『Mayhem』でレディー・ガガが原点回帰 - 3年ぶりとなる新作で新境地へ
レディー・ガガが2025年3月7日、通算7枚目となるスタジオアルバム『Mayhem』(メイヘム)のリリースを発表した。この発表は、ニューヨークとラスベガスの街頭に突如として出現した巨大広告を通じて行われ、音楽シーンに大きな話題を呼んでいる。
「初期のファンが愛してくれたポップミュージックに戻ることへの恐れに向き合うところから、このアルバムは始まりました」と語るガガは、今作のクリエイティブプロセスについて「砕けた鏡を組み立て直すようなもの。完璧に元通りにはできなくても、新しい形で美しく完全なものを作り出すことができる」と表現している。
すでにリリースされている「Disease」と「Die With a Smile」を含む全14曲で構成される本作。エグゼクティブ・プロデューサーにはガガ本人をはじめ、マイケル・ポランスキー、アンドリュー・ワットが名を連ね、プロデューサー陣にはサーカット、ゲサフェルシュタインらも参加している。

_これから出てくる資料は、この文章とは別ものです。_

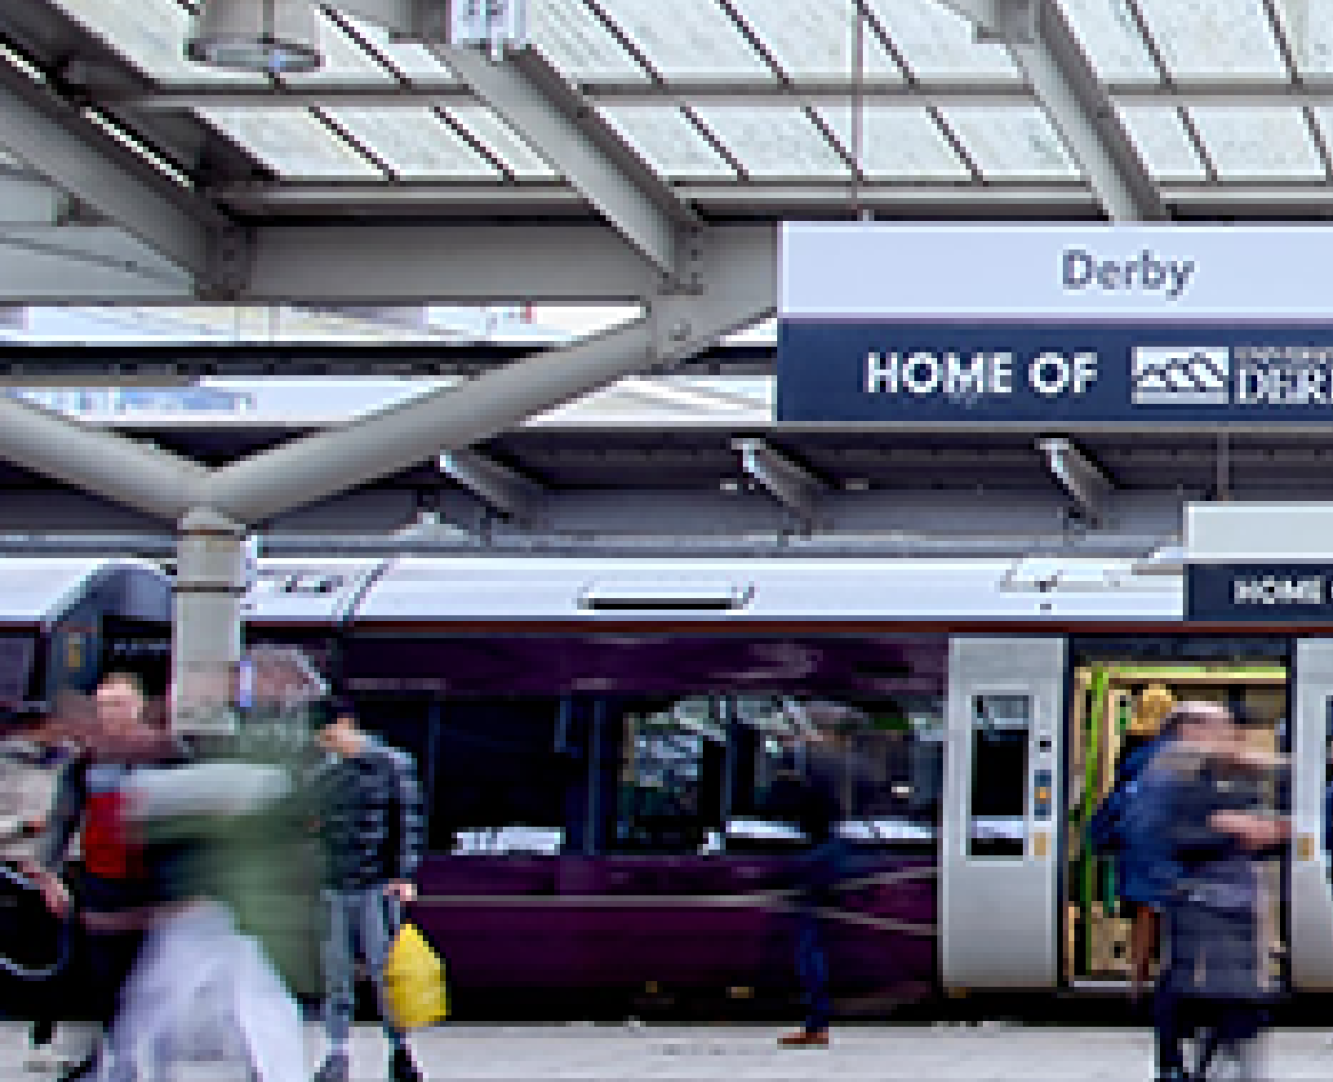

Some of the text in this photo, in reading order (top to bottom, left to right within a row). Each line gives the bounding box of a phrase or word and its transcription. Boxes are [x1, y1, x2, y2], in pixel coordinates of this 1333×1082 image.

[1062, 248, 1194, 301] Derby
[864, 351, 1098, 395] HOME OF
[1233, 579, 1321, 605] HOME

また、『Mayhem』からの第3弾シングルとミュージックビデオは、2月2日に開催される2025年グラミー賞の放送中のコマーシャルブレイクで初公開されることが決定。アルバムの完全な楽曲リストは後日発表される予定である。
豪華アーティストと共演するガガ、数々の受賞も決定
今作の発表に先立ち、ガガは1月30日にロサンゼルスで開催されるチャリティイベント「FireAid」への出演が決定。ビリー・アイリッシュ、オリヴィア・ロドリゴ、スティーヴィー・ニックス、ジョニ・ミッチェルらと共に、近年の山火事で被災した人々やコミュニティの支援に力を注ぐ。さらに3月17日には第12回iHeartRadioミュージック・アワードで2025年イノベーター賞を受賞することが決定し、4月11日と18日にはコーチェラ・フェスティバルのヘッドライナーとしても出演が予定されている。
多彩なジャンルで魅せるレディー・ガガの新境地
12月19日のロサンゼルス・タイムズ誌のインタビューでは、本作について「音楽への愛に満ちている」と語り、「非常に多くの異なるジャンル、スタイル、夢で構成されている」と説明。「ジャンルを超越するような作品です。そして愛で終わります。私の人生のすべての混沌への答えは、愛による平安なのです」と、アルバムに込めた思いを語っている。
映画『ジョーカー:フォリ・ア・ドゥ』への参加を除けば、本作は2020年の『Chromatica』以来、実に3年ぶりの本格的なアルバムとなる。これまでガガは『Chromatica』をはじめ、『アリー/スター誕生』サウンドトラック(ブラッドリー・クーパーとの共演)、『Joanne』、『Cheek to Cheek』(トニー・ベネットとの共演)、『Artpop』、『Born This Way』と、立て続けにビルボード200の1位を獲得。新作『Mayhem』でも、その記録更新が期待される。
世代を超えて愛されるポップアイコンとして、さらなる進化を遂げようとしているレディー・ガガの新たな挑戦に、世界中のファンが熱い視線を注いでいる。